Saturday, August 9, 2008

Andrew Burke on Claims for EEStor Technology

Andrew Burke is a research engineer at the University of California at Davis, Institute of Transportation Studies. "He directs the EV Power Systems Laboratory and performs research and teaches graduate courses on advanced electric driveline technologies, specializing in batteries, ultracapacitors, fuel cells and hybrid vehicle design." Burke recently had an interview with the brand new EEStory blog. Burke is an EEStor skeptic, and he has scientific grounds for his skepticism. For Burke the problem is one of insulation, or "dielectric materials". Burke states: "The whole question has to do with whether it's possible to generate high dielectric materials that maintain high dielectric constants like 20 or 30K up to high field strengths. . . . The question is whether you can....whether it's physically possible to have a material that will maintain it's very high dielectric constant at very high fields. And the consensus of all the experts that I've talked to in the field, say that it's not possible."

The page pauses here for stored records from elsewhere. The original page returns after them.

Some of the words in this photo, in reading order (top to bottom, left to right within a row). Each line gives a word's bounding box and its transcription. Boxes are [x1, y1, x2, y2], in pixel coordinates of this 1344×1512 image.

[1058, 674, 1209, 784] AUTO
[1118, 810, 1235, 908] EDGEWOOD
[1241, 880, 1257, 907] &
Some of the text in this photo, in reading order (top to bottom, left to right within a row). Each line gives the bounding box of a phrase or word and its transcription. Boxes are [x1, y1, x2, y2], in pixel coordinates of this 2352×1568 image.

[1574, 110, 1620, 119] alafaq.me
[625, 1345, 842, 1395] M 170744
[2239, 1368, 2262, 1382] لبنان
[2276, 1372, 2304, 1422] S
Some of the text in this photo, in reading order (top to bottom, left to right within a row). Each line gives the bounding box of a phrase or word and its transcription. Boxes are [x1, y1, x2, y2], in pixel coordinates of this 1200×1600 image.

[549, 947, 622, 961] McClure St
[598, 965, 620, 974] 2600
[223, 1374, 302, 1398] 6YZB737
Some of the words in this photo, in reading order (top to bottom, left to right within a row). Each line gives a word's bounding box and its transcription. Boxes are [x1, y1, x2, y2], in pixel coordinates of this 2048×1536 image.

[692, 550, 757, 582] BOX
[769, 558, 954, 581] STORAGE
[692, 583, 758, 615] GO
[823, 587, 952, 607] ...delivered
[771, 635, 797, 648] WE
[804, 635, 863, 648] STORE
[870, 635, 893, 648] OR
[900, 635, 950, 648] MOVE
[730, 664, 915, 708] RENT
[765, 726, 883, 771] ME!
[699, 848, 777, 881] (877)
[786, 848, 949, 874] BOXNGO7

Translated into simple English this means that the experts say, at high voltage the insulating qualities of materials used in capacitors breaks down, contrary to what EEStor's Richard Weir claims. But doesn't Weir have proof for his claims? According to Burke, "Richard Weir has chosen to not make available any test data which contradicts what the experts say."

Burke reported that he had attended a meeting at EEStor headquarters with a group of would be investors, but that Weir "absolutely refused to show us any test data."

The problem for EEStor technology is simple. In order to put more electricity into a light weight capacitor, the electricity must be stored at high voltage. But the insulating materials are believed by the experts to break down under conditions of high voltage. In such a breakdown, a lot of electricity would discharge rapidly. The discharge "spark" would have enough energy to produce a very considerable explosion.

Burke points out the importance of a "proof of concept" prototype: "All you have to do to convince anybody is put together a small device. And test it at various voltages. And you see what happens to the capacitance."

I have noted elsewhere that Weir's statements are inconcistent with EEStor ever naving built a "proof of concept" prototype. And without having a proof of concept prototype, Weir has no evidence that the experts are wrong. If the experts say that it is impossible to grow cotton in Alaska, you have to plant some cotton seeds and see if you can harvest some cotton, if you want to prove the experts are wrong.

Richard Weir, in his various conversations with bloggers seems oblivious to what seems obvious, that is the product development cycle. One would expect in the Normal course of things that EEStor would produce a "Proof of concept prototype", If that prototype worked at all the next step would be to identify developmental issues with it, after those issues were identified and worked through, the next step would be a developmental prototype, which would be used to examine the problems related to a working commercial model. Since we are talking electrical storage, a developmental prototype could be the size of a small battery. If the developmental prototype evolved into a product stage, say a commercial line of household battery size storage units, then the next step would be to scale up, to auto size EESUs. Instead Weir plans to start producing full size EESU's for Zenn Motors in 2009.

I have one word for Weir's developmental plan: Grandiose. Richard Weir appears to believe that he can simply bypass the major developmental problems of a wholly new technology, with impunity. Weir's feet do not seem firmly bound to the earth. He seems to believe that he can jump tall buildings with a single bound. Look out! If the EESU were software, it would be called vaporware.

Update: from EEStoy today:"The chemistry was the big milestone, we should see commercialization without hurdles as the mechanics is old technology with a few details, which Weir says is done., All that is left is just time (patents, electronics, raw material, and logistics)." - satya51

Comment: We have a killer concept, and we know that programing works, all we have to do sis to spend a few months actually writing the code.

1 comment:

donb said...

Burke points out the importance of a "proof of concept" prototype: "All you have to do to convince anybody is put together a small device. And test it at various voltages. And you see what happens to the capacitance."

Bingo! There may be multiple problems with the EEStor concept. But the absolutely basic one is whether the dielectric can maintain it high dielectric constant at high voltage (high fields). This can be demonstrated in a very small, even microscopic device. Making such a device available for independent testing would prove (or disprove!) the fundamental basis of EEStor.